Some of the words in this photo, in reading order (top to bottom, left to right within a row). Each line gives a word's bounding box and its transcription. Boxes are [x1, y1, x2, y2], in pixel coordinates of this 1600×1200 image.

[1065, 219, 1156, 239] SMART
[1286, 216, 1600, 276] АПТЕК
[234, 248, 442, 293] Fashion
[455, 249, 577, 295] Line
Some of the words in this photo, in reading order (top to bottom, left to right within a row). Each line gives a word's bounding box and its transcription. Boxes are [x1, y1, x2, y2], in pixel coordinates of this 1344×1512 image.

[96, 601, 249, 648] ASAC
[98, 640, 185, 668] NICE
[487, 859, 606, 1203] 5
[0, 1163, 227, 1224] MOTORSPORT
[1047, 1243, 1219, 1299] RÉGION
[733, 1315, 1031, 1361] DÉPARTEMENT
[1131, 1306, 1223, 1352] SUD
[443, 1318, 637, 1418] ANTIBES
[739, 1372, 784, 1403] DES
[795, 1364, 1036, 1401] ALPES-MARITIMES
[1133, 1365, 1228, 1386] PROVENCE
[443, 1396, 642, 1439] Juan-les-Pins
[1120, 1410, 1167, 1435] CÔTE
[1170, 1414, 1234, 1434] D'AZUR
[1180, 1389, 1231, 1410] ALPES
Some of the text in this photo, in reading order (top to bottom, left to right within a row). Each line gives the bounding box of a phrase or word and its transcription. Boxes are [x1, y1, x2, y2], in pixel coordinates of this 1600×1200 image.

Description of the task:
Return the full listing, word for word.

Problem solution:
Some of the words in this photo, in reading order (top to bottom, left to right within a row). Each line gives a word's bounding box and its transcription. Boxes are [x1, y1, x2, y2], in pixel coordinates of this 1600×1200 image.

[1065, 219, 1156, 239] SMART
[1286, 216, 1600, 276] АПТЕК
[234, 248, 442, 293] Fashion
[455, 249, 577, 295] Line
Some of the words in this photo, in reading order (top to bottom, left to right within a row). Each line gives a word's bounding box and its transcription. Boxes are [x1, y1, x2, y2], in pixel coordinates of this 1344×1512 image.

[96, 601, 249, 648] ASAC
[98, 640, 185, 668] NICE
[487, 859, 606, 1203] 5
[0, 1163, 227, 1224] MOTORSPORT
[1047, 1243, 1219, 1299] RÉGION
[733, 1315, 1031, 1361] DÉPARTEMENT
[1131, 1306, 1223, 1352] SUD
[443, 1318, 637, 1418] ANTIBES
[739, 1372, 784, 1403] DES
[795, 1364, 1036, 1401] ALPES-MARITIMES
[1133, 1365, 1228, 1386] PROVENCE
[443, 1396, 642, 1439] Juan-les-Pins
[1120, 1410, 1167, 1435] CÔTE
[1170, 1414, 1234, 1434] D'AZUR
[1180, 1389, 1231, 1410] ALPES
Some of the text in this photo, in reading order (top to bottom, left to right within a row). Each line gives the bounding box of a phrase or word and its transcription. Boxes are [x1, y1, x2, y2], in pixel coordinates of this 1600×1200 image.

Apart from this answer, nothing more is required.